- Developer: Landfall
- Publisher: Landfall
- Engine: Unity
- Platform: Microsoft Windows
- Release: June 5, 2018
- Genre: Battle royale
- Mode: Multiplayer

= Totally Accurate Battlegrounds =

2018 video game

Totally Accurate Battlegrounds (TABG) is a multiplayer battle royale video game developed by Swedish studio Landfall, and a spin-off of Totally Accurate Battle Simulator (TABS). Similarly to how TABS parodies the battle simulator genre of video games, TABG is a parody of the battle royale genre, primarily titles such as PlayerUnknown's Battlegrounds and Fortnite, and features exaggerated player and weapon physics. The game was released on Steam on June 5, 2018.

== Gameplay ==
The game plays similarly to other games in the battle royale genre, in which players must traverse a shrinking safe area, collecting weapons, blessings, and grenades along the way in order to fight and eliminate opponents, and aim to be the last remaining player or team. However, the game is differentiated by a physics engine which produces exaggerated character motions when moving or using weapons (including stretching limbs and exaggerated knockback when using guns), the ability to dual-wield weapons, a self-constructing wall functioning as the game's "storm," and a wide array of weapons directly pulled from or influenced by weapons in the real world.

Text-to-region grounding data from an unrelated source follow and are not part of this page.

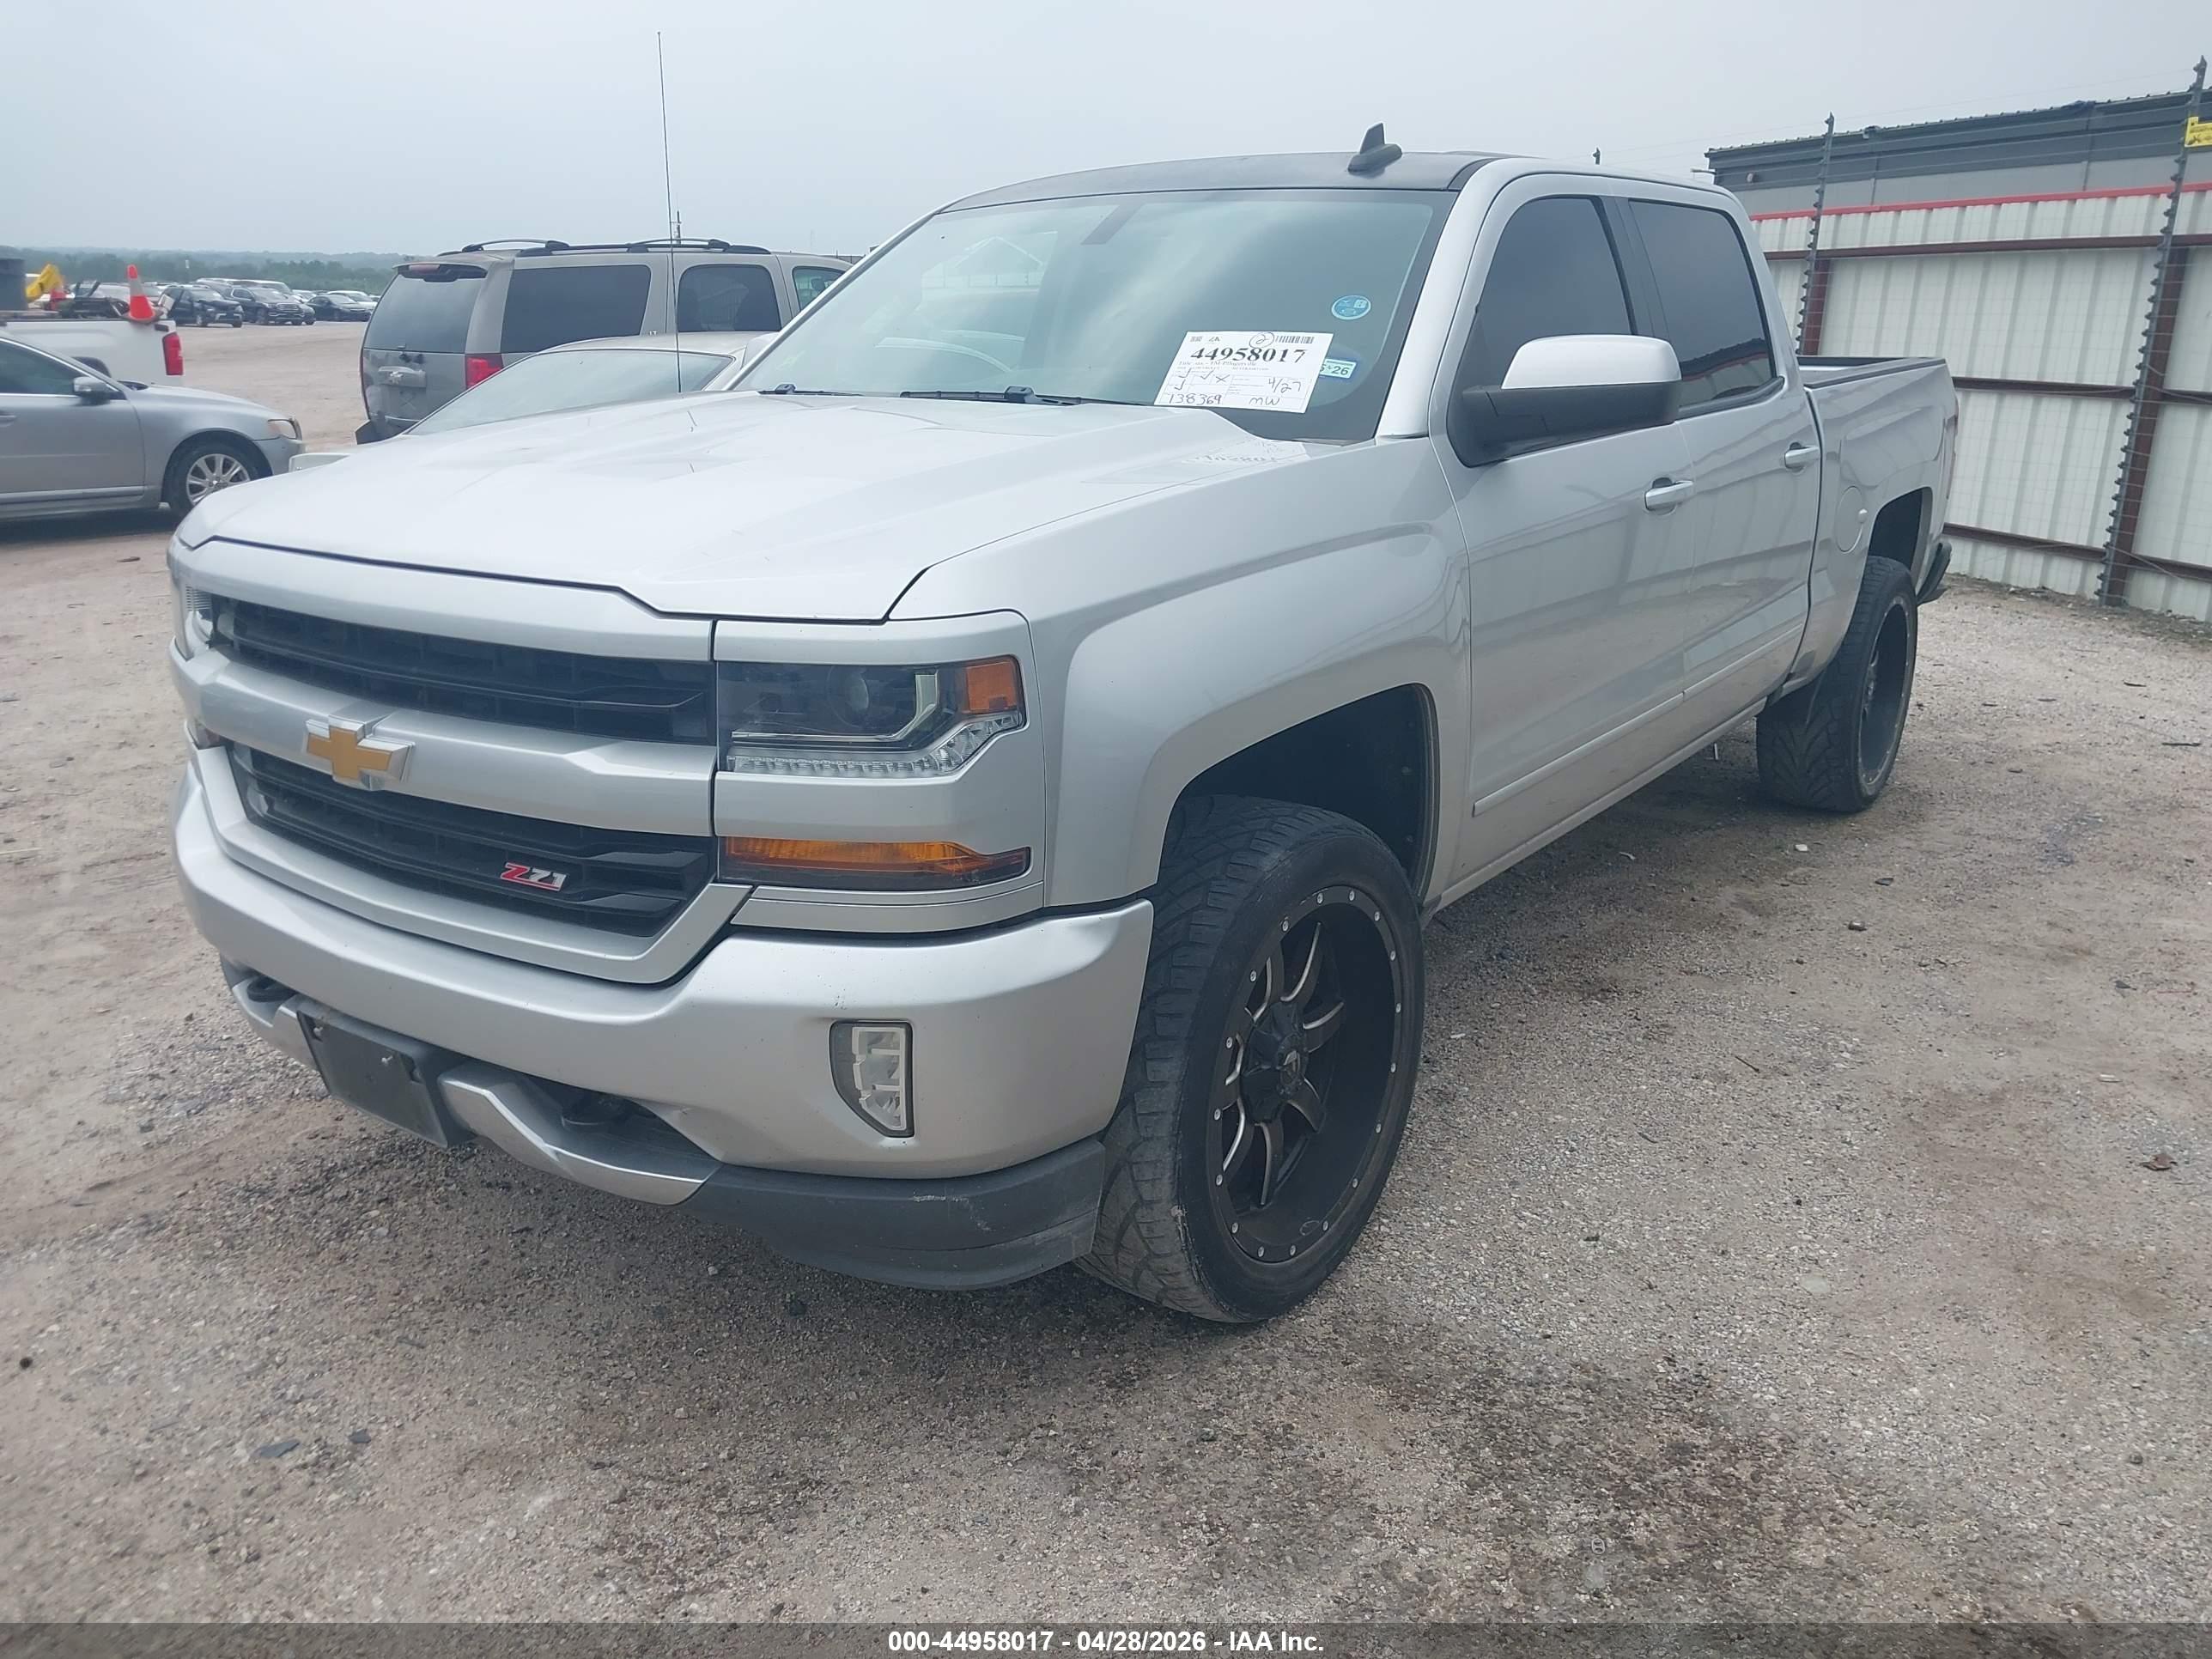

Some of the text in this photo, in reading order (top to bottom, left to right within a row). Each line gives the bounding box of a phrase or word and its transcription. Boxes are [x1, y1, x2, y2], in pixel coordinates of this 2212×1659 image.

[1190, 347, 1308, 363] 44958017
[1332, 366, 1350, 375] 26
[1268, 377, 1301, 393] 4/27
[1169, 393, 1222, 406] 138369
[500, 862, 567, 891] Z71
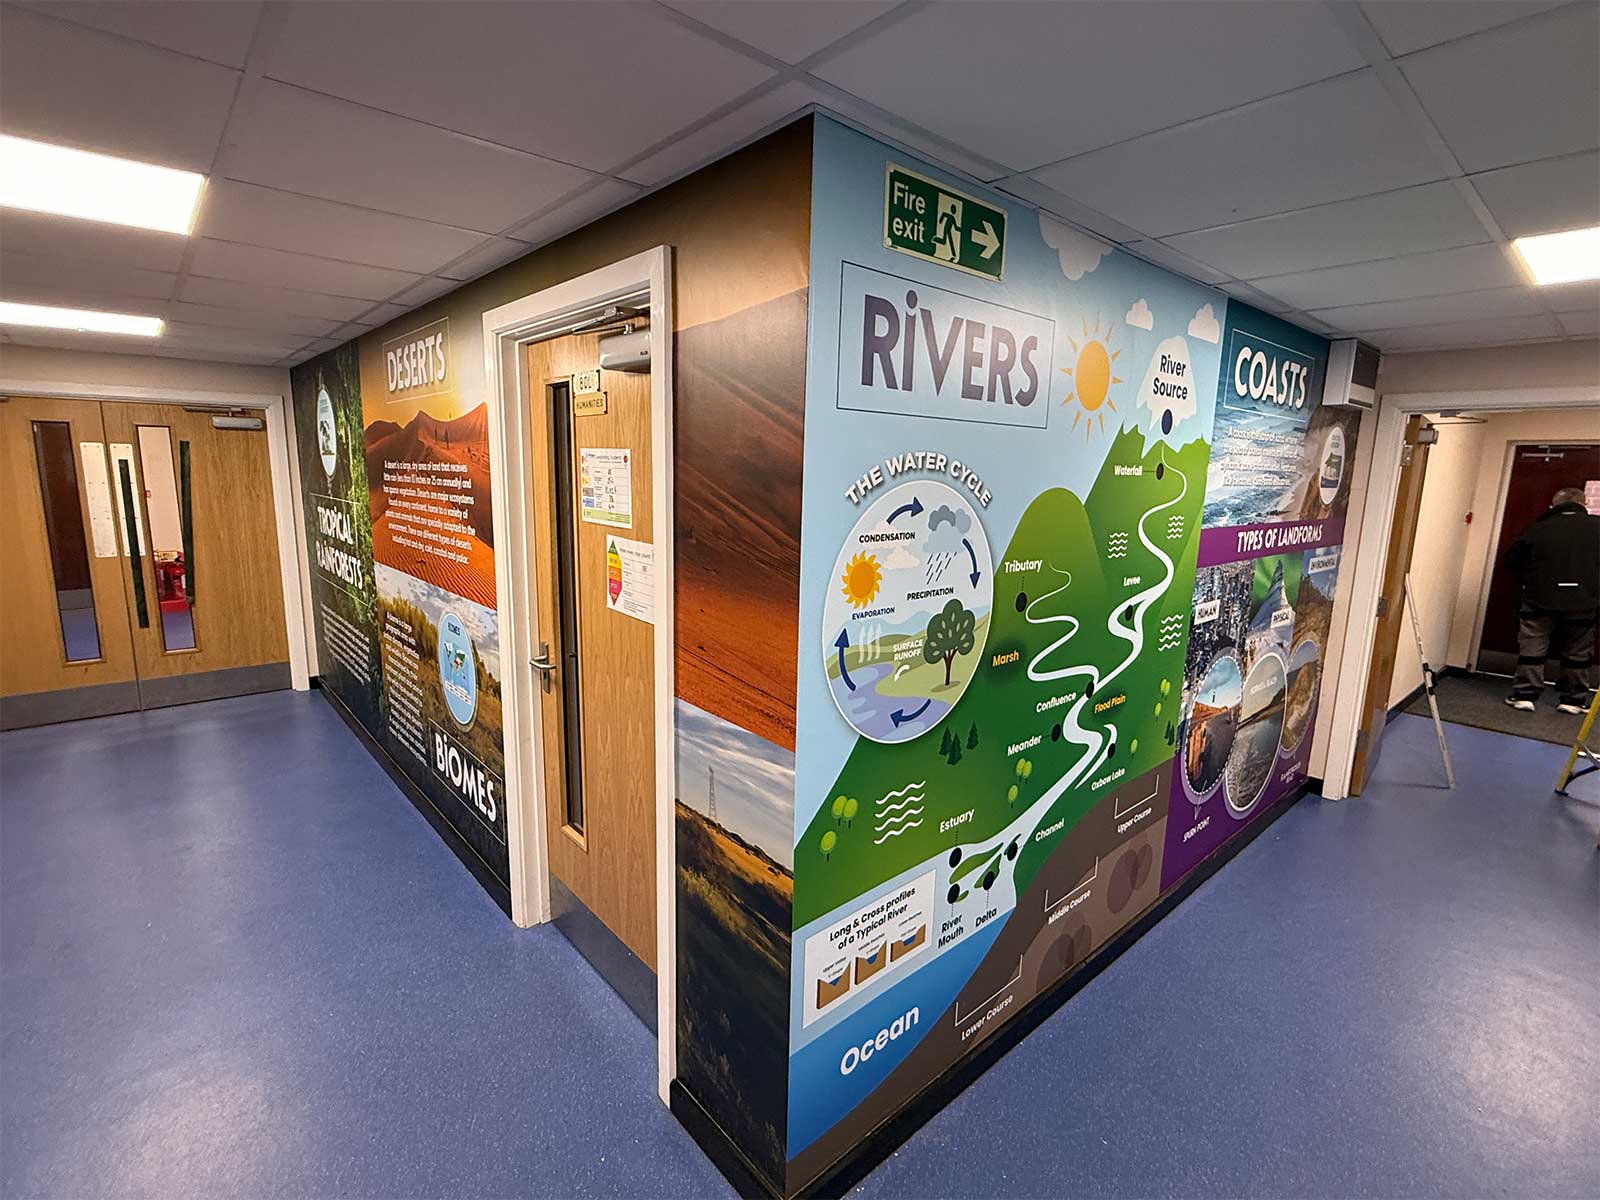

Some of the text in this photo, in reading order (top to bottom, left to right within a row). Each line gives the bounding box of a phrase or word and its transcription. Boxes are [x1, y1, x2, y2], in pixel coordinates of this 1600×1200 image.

Totally Accurate Battlegrounds features a multi-tier "blessing" system which players can utilize by collecting rings of various colors (said colors depicting the tier the blessing falls under) and placing them in one of 3 inventory slots. Blessings provide various benefits, some examples of which include increased movement speed, faster weapon firing speed, increased health points, and health regeneration.

== Release ==
Totally Accurate Battlegrounds was initially intended to be released on April 1, 2018, as an April Fool's Day joke, serving as a spin-off of its previous game Totally Accurate Battle Simulator. However, its release was delayed to June 5, in order to address server problems with the game. Landfall stated that the game would be available for free for 100 hours after its release on Steam, after which it would cost $5. On April 1, 2021, the game became free to play.

In March 2020, Landfall announced that they would slowly begin to develop TABG again, but clarified that they were still working full time on Totally Accurate Battle Simulator. In the announcement, they showed off several screenshots of the new map in development. On April 6, 2020, Landfall released a beta version featuring the new map. In the following months, they released multiple temporary betas showcasing improvements to the map, new weapons, new vehicles, and performance optimizations. In April 2021, the game became free-to-play. In February 2022, Landfall announced that they have stopped developing further updates for the game following a steady decrease in the size of the playerbase.

On June 26, 2023, Landfall announced that the TABG servers had been experiencing a DDoS attack. This closed the servers for an indefinite amount of time, until the developers fixed the vulnerabilities with their servers. On August 17, 2023, the servers went back online.

== Reception ==
Kotaku felt that Totally Accurate Battlegrounds was both a parody of and homage to the genre, describing the average match as beginning with "madcap rushes of wacky, wavy-arm-flailing players who scramble for weapons or just flat-out slapfight each other to death", and that its "haphazard" combat "manages to make each new encounter feel surprising and high-stakes". Rock Paper Shotgun said that despite "wacky physics" being a "tired joke", the game did provide several unique features over other games in the genre, including dual-wielding of guns, a rapidly-constructing wall to serve as the barrier for the safe area rather than an encroaching "storm", as well as not depending on microtransactions to obtain cosmetic player skins. However, it was noted that matchmaking times for games were slow due to its smaller player population in comparison to Fortnite and PlayerUnknown's Battlegrounds. As of August 2018, the game was the 18th most popular game on Steam, with over 27,000 players.